Despite the initial warmth experienced earlier this winter, Montana is now grappling with a prolonged period of sub-zero temperatures and arctic cold fronts. This abrupt shift serves as a timely reminder that weather patterns can change unexpectedly, necessitating vigilance and awareness of potential ice jam flooding.

Ice jam flooding, a phenomenon prevalent along Montana’s rivers and streams, occurs when sub-zero temperatures precede sudden warm-ups, typically from now until March. Additionally, spring breakup can trigger ice jams as temperatures rise.

Fairweather Fishing Access Site, eight miles downstream of Missouri Headwaters State Park was closed last week due to ice jams and flooding.

The combination of unsafe conditions includes flooded areas throughout the site, moving ice and debris, and potentially unstable trees.

Traci Sears, the Montana National Flood Insurance Program Coordinator at the Department of Natural Resources and Conservation, emphasizes the importance of remaining observant to rapidly changing conditions throughout the winter season. “We urge residents to always be prepared for the possibility of flooding,” says Sears.

A sequence of sub-zero temperatures followed by a rapid warm-up can lead to the formation of ice jams, also known as ice dams — clusters of ice obstructing river or stream flow.

As melting ice starts to move, it can become lodged at bridges, bends, or narrower reaches, sometimes causing flash floods during sudden breakups downstream.

“The result can cause dangerous conditions for those living adjacent to ice jams when the water has nowhere to go causing rapid flooding with little or no warning,” said Sears.

In addition to threatening homes and private property, rising waters can impact fishing access sites, roads, and hiking trails, prompting closures. Sears advises residents living near rivers or streams to develop a flood evacuation plan and consider the following precautions:

•     Purchase flood insurance, as it typically needs to be acquired 30 days before a flood event.

•     Ensure an adequate supply of drinking water, as flooding may compromise local water systems.

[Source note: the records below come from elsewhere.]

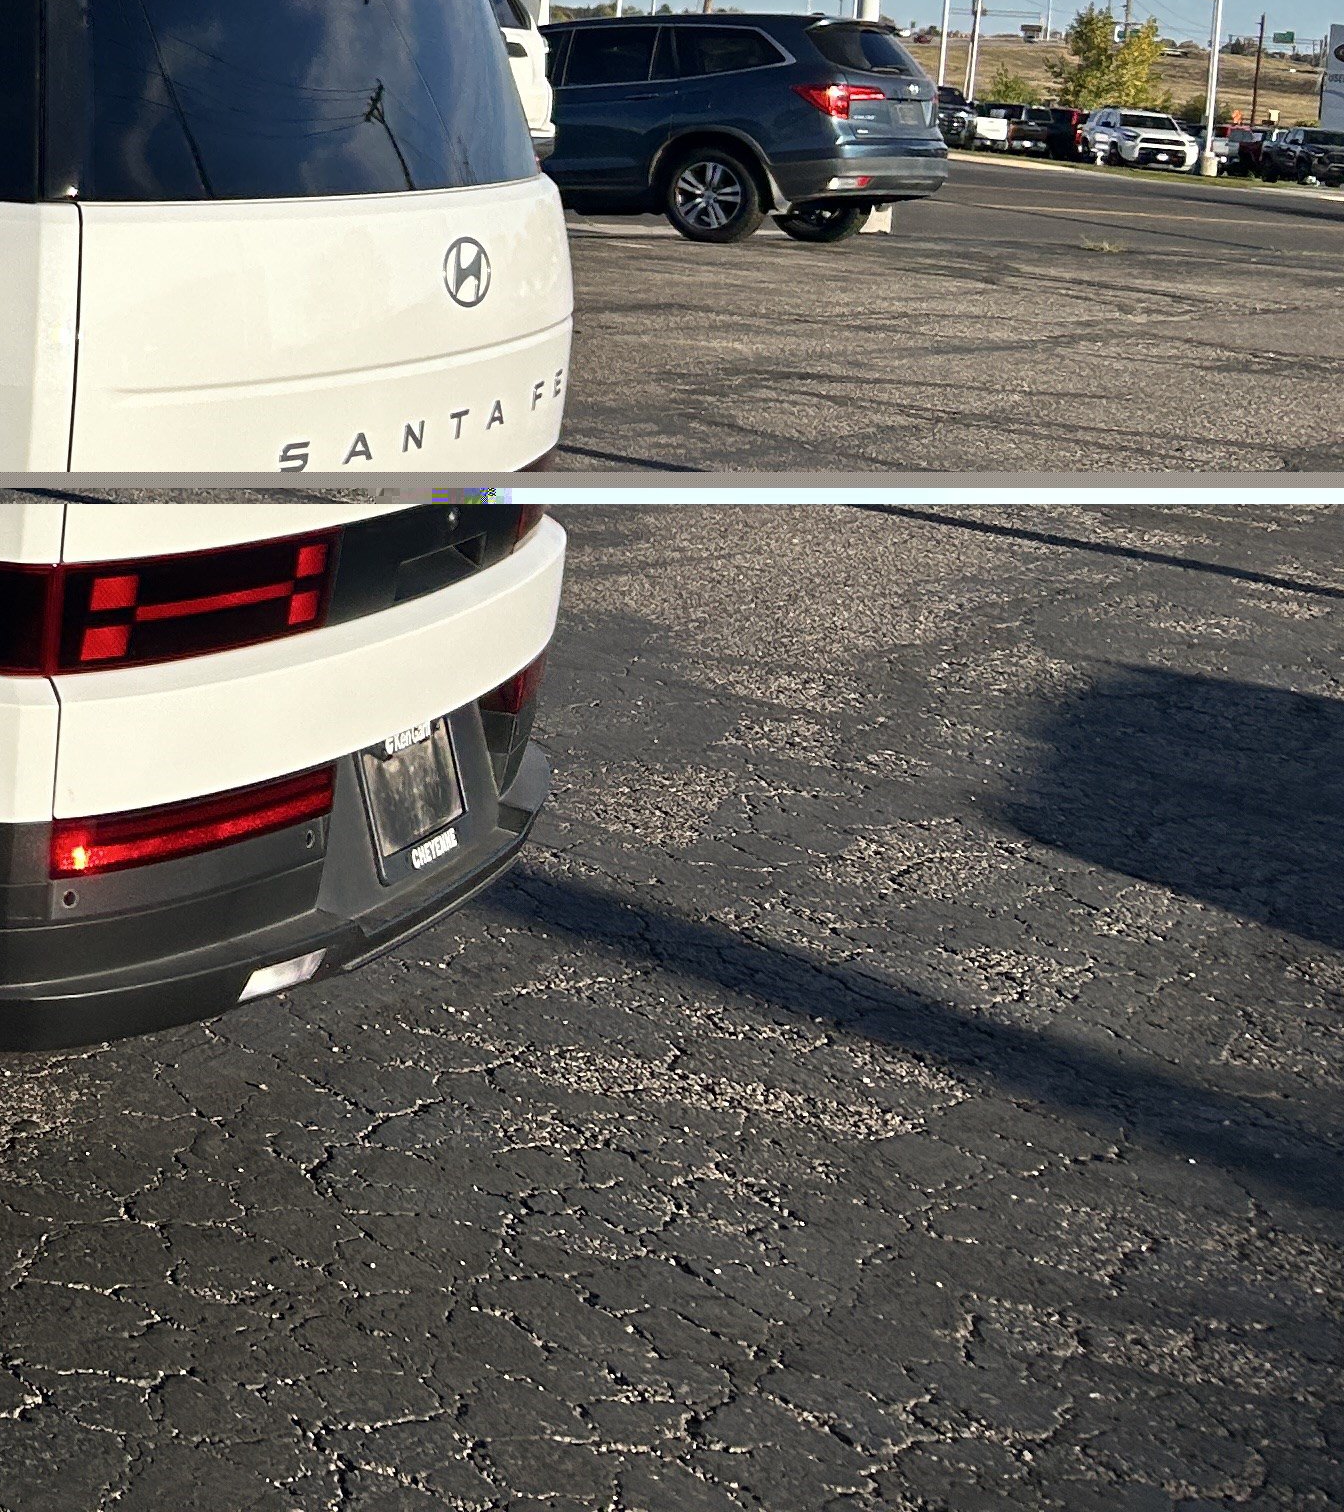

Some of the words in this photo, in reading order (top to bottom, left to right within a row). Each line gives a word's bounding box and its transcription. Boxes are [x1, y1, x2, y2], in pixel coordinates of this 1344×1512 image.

[278, 400, 505, 472] SANTA
[531, 369, 563, 411] FE
[411, 827, 458, 869] CHEYENNE
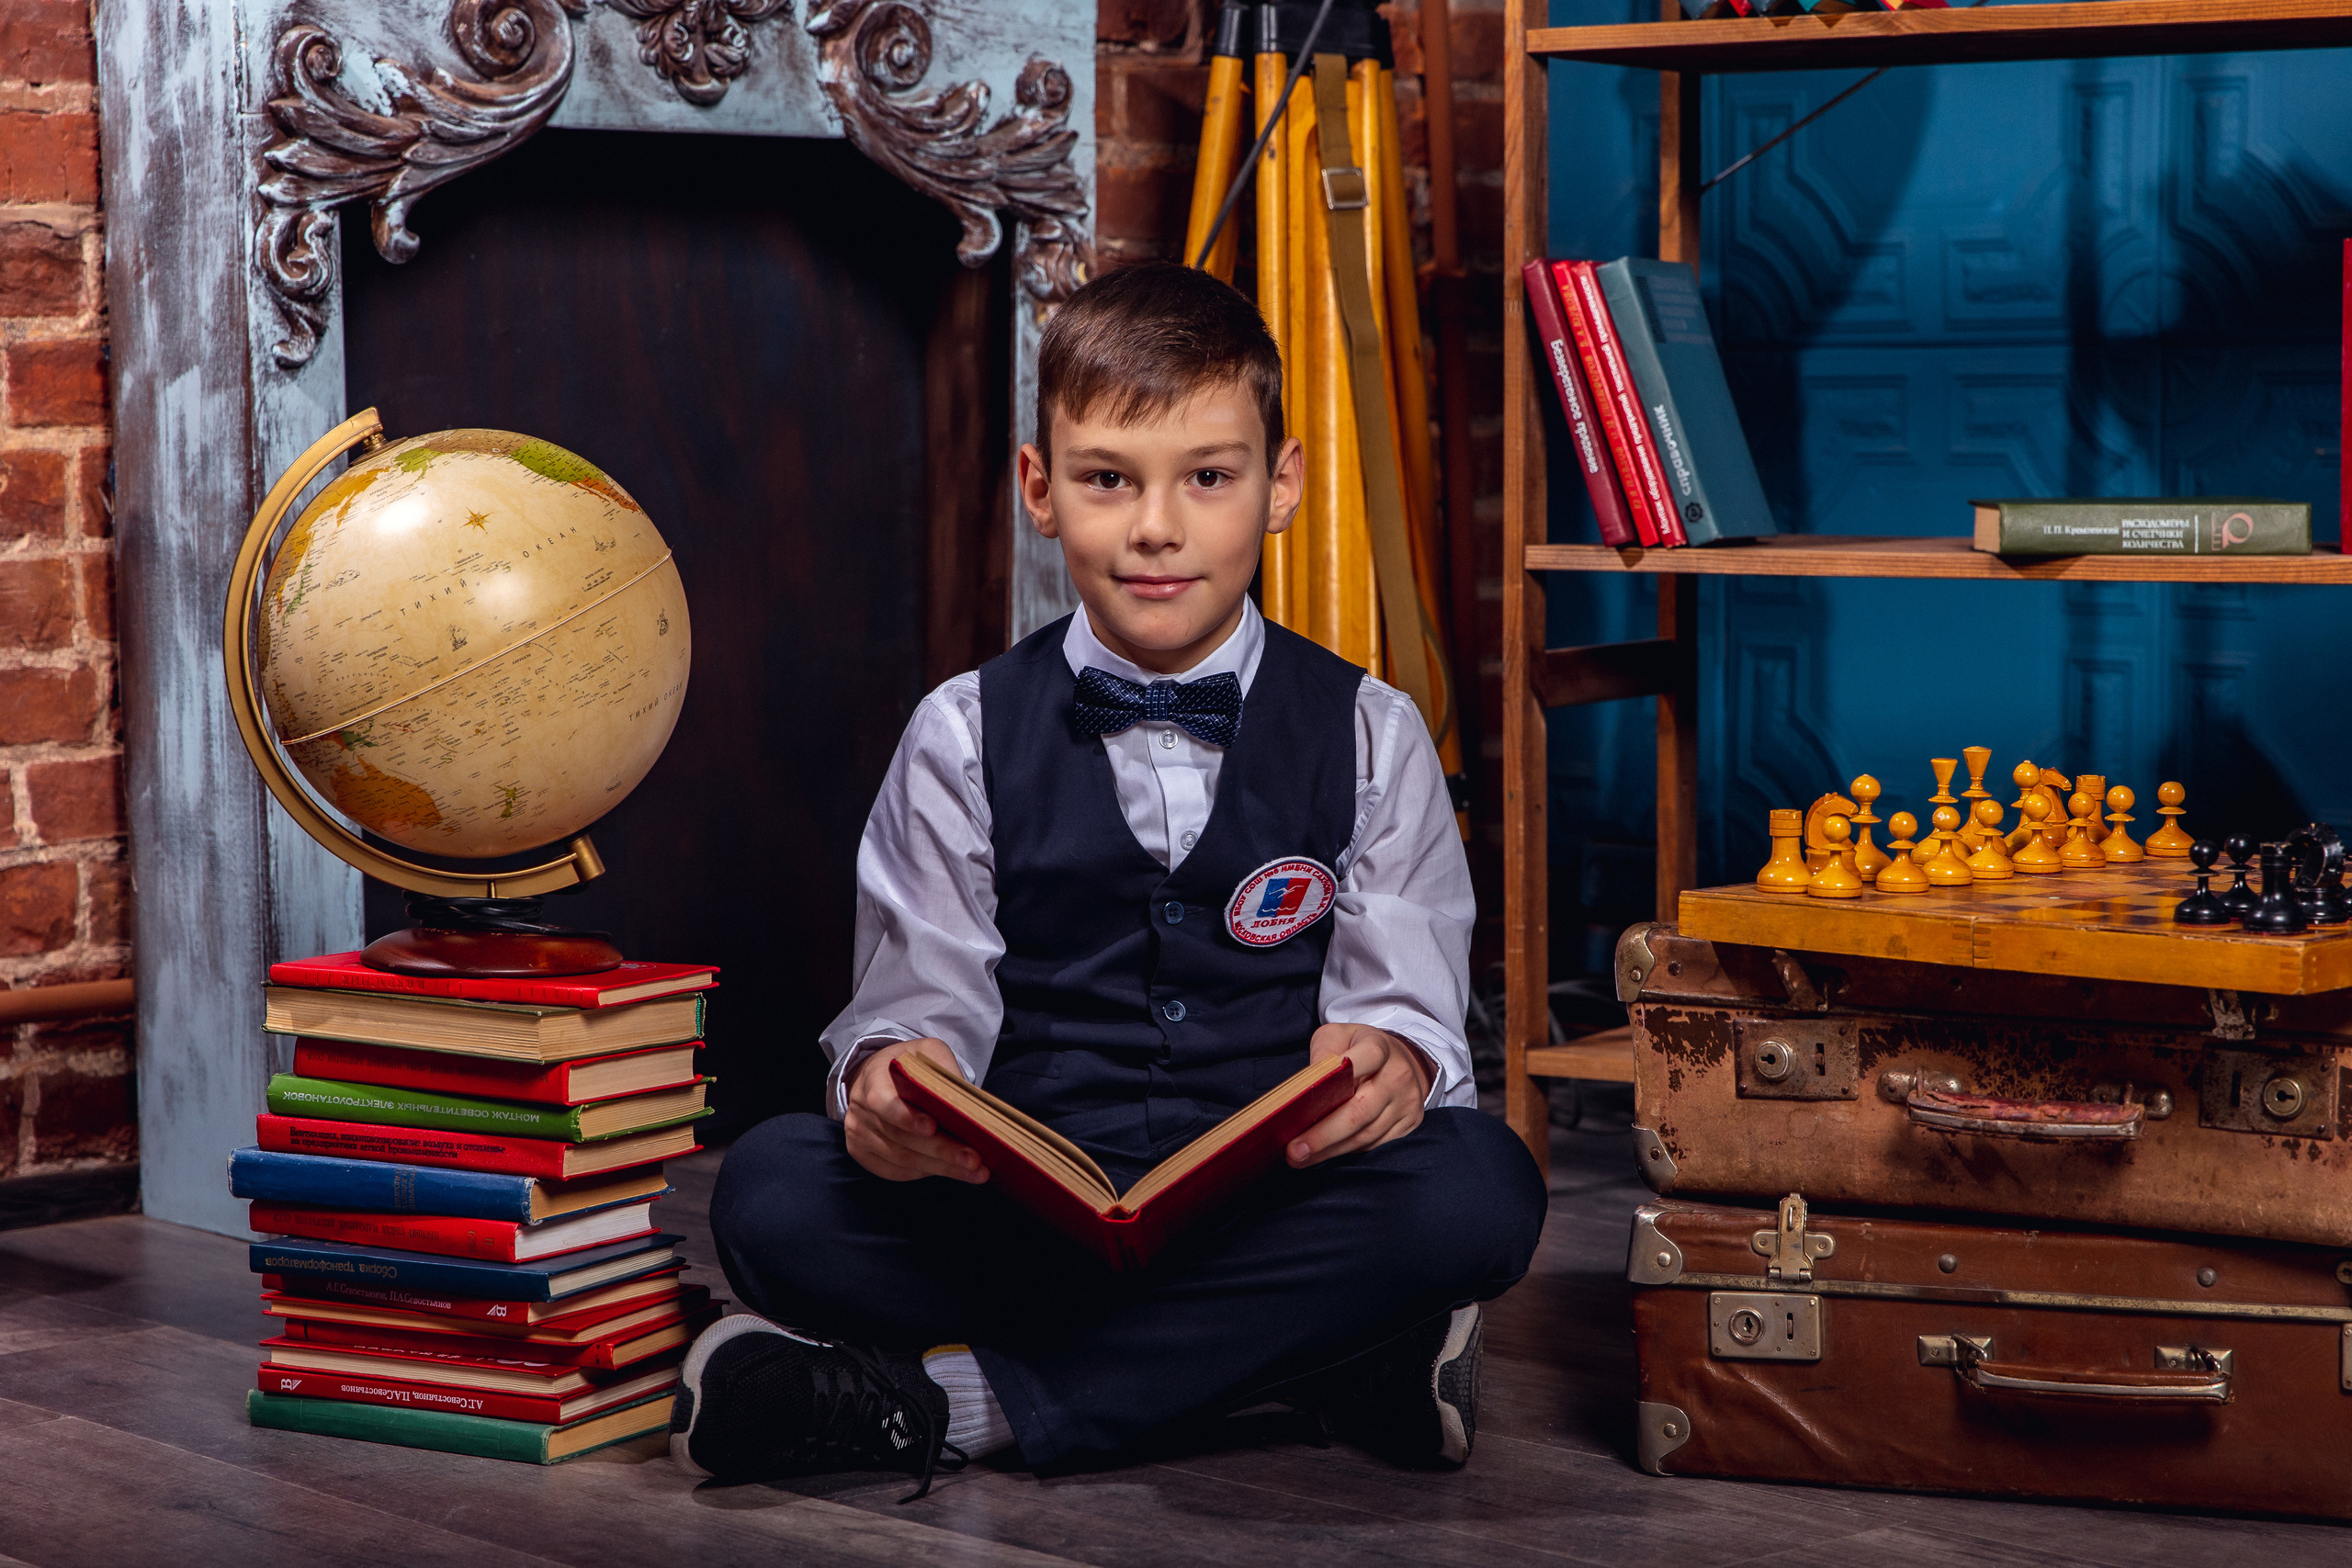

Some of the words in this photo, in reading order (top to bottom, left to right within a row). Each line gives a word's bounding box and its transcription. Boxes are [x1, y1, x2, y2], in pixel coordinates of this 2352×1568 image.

[1550, 339, 1582, 421] Безверетенное
[1575, 421, 1600, 474] прядение
[1654, 404, 1691, 496] справочник
[1245, 876, 1264, 895] СОШ
[1282, 864, 1314, 874] ИМЕНИ
[1234, 920, 1278, 942] МОСКОВСКАЯ
[1280, 912, 1318, 939] ОБЛАСТЬ
[1250, 917, 1297, 929] ЛОБНЯ
[283, 1091, 394, 1110] ЭЛЕКТРОУСТАНОВОК
[397, 1102, 489, 1119] ОСВЕТИТЕЛЬНЫХ
[492, 1110, 539, 1123] МОНТАЖ
[273, 1212, 291, 1223] СССР
[266, 1257, 356, 1273] трансформаторов
[359, 1263, 397, 1279] Сборка

•     Clear snow from homes and structures to prevent potential issues.

•     Be prepared to transport or elevate valuables where practical.

•     Never venture onto a frozen river or ice jam, as thermal currents in rivers are unpredictable and ice       stability can change rapidly, leading to injury or drowning.

•     Keep a vigilant eye on children and pets when near rivers and streams during winter recreation.

To learn more about the National Flood Insurance Program, visit https://www.floodsmart.gov/. Additional flood insurance information is available from the Montana Commissioner of Securities and Insurance Office Flood Insurance at https://csimt.gov/your-insurance/flood/.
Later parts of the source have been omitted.